Collected data
Segment Open
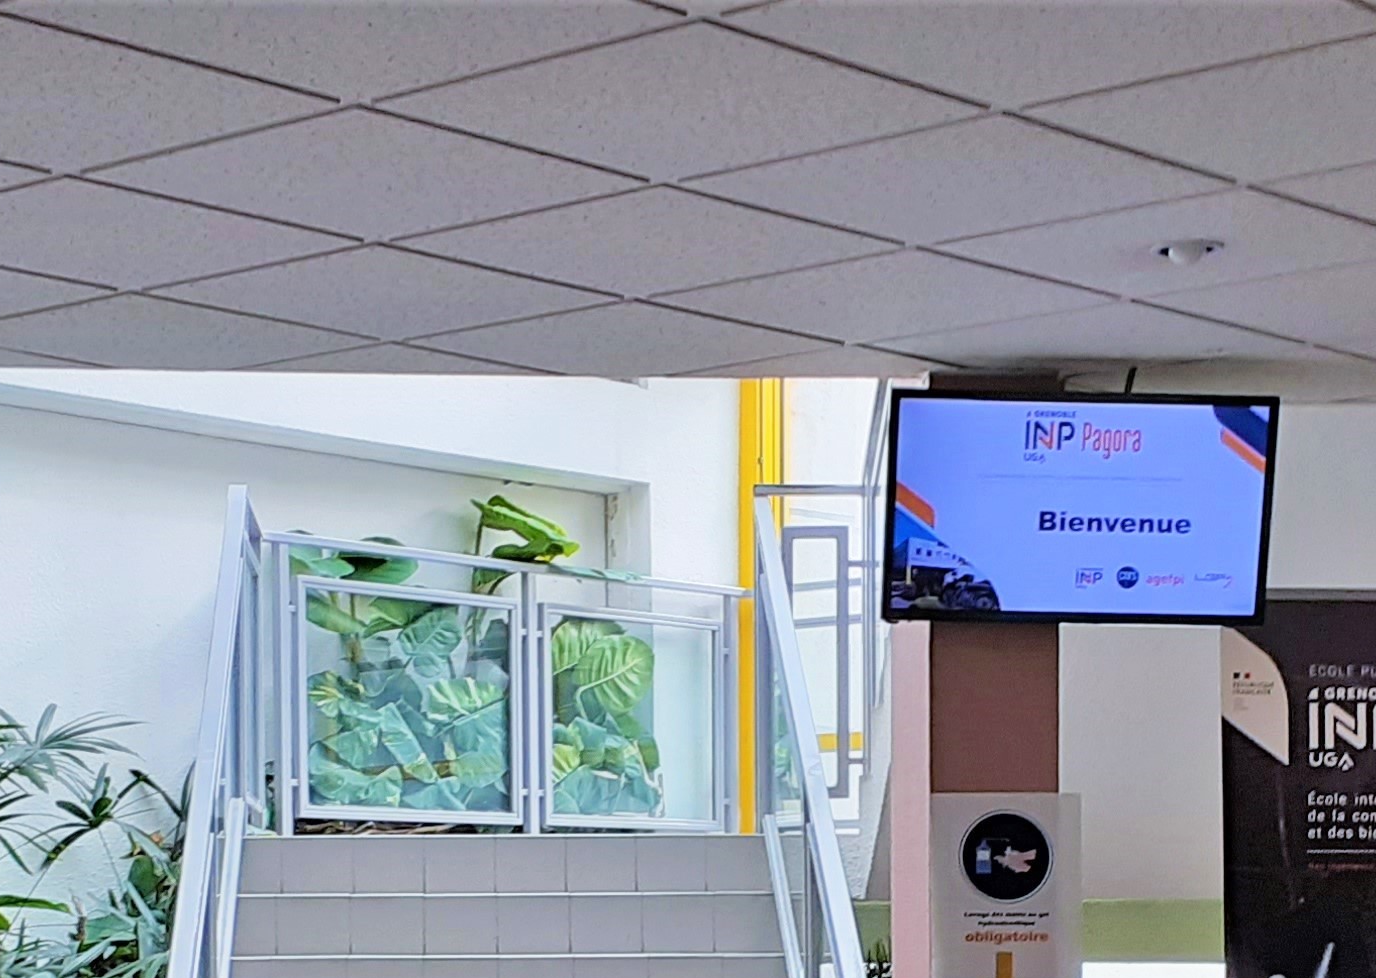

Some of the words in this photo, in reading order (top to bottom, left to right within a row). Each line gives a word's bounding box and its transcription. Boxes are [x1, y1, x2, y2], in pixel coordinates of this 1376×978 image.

[1024, 420, 1075, 451] INP
[1081, 421, 1142, 460] Pagora
[1037, 510, 1192, 535] Bienvenue
[1308, 664, 1355, 678] ÉCOLE
[1308, 751, 1354, 771] UGA
[1308, 790, 1347, 806] École
[1308, 810, 1325, 823] de
[1332, 809, 1345, 822] la
[1308, 826, 1322, 839] et
[1327, 826, 1354, 839] des
[965, 931, 1049, 945] obligatoire
Segment Closed
--- ASSIGNED TASK ---
Once the pictures are set aside, reproduce the records in full and exactly.

--- RESULT FOR THIS EXERCISE ---
Some of the words in this photo, in reading order (top to bottom, left to right within a row). Each line gives a word's bounding box and its transcription. Boxes are [x1, y1, x2, y2], in pixel coordinates of this 1376×978 image.

[1024, 420, 1075, 451] INP
[1081, 421, 1142, 460] Pagora
[1037, 510, 1192, 535] Bienvenue
[1308, 664, 1355, 678] ÉCOLE
[1308, 751, 1354, 771] UGA
[1308, 790, 1347, 806] École
[1308, 810, 1325, 823] de
[1332, 809, 1345, 822] la
[1308, 826, 1322, 839] et
[1327, 826, 1354, 839] des
[965, 931, 1049, 945] obligatoire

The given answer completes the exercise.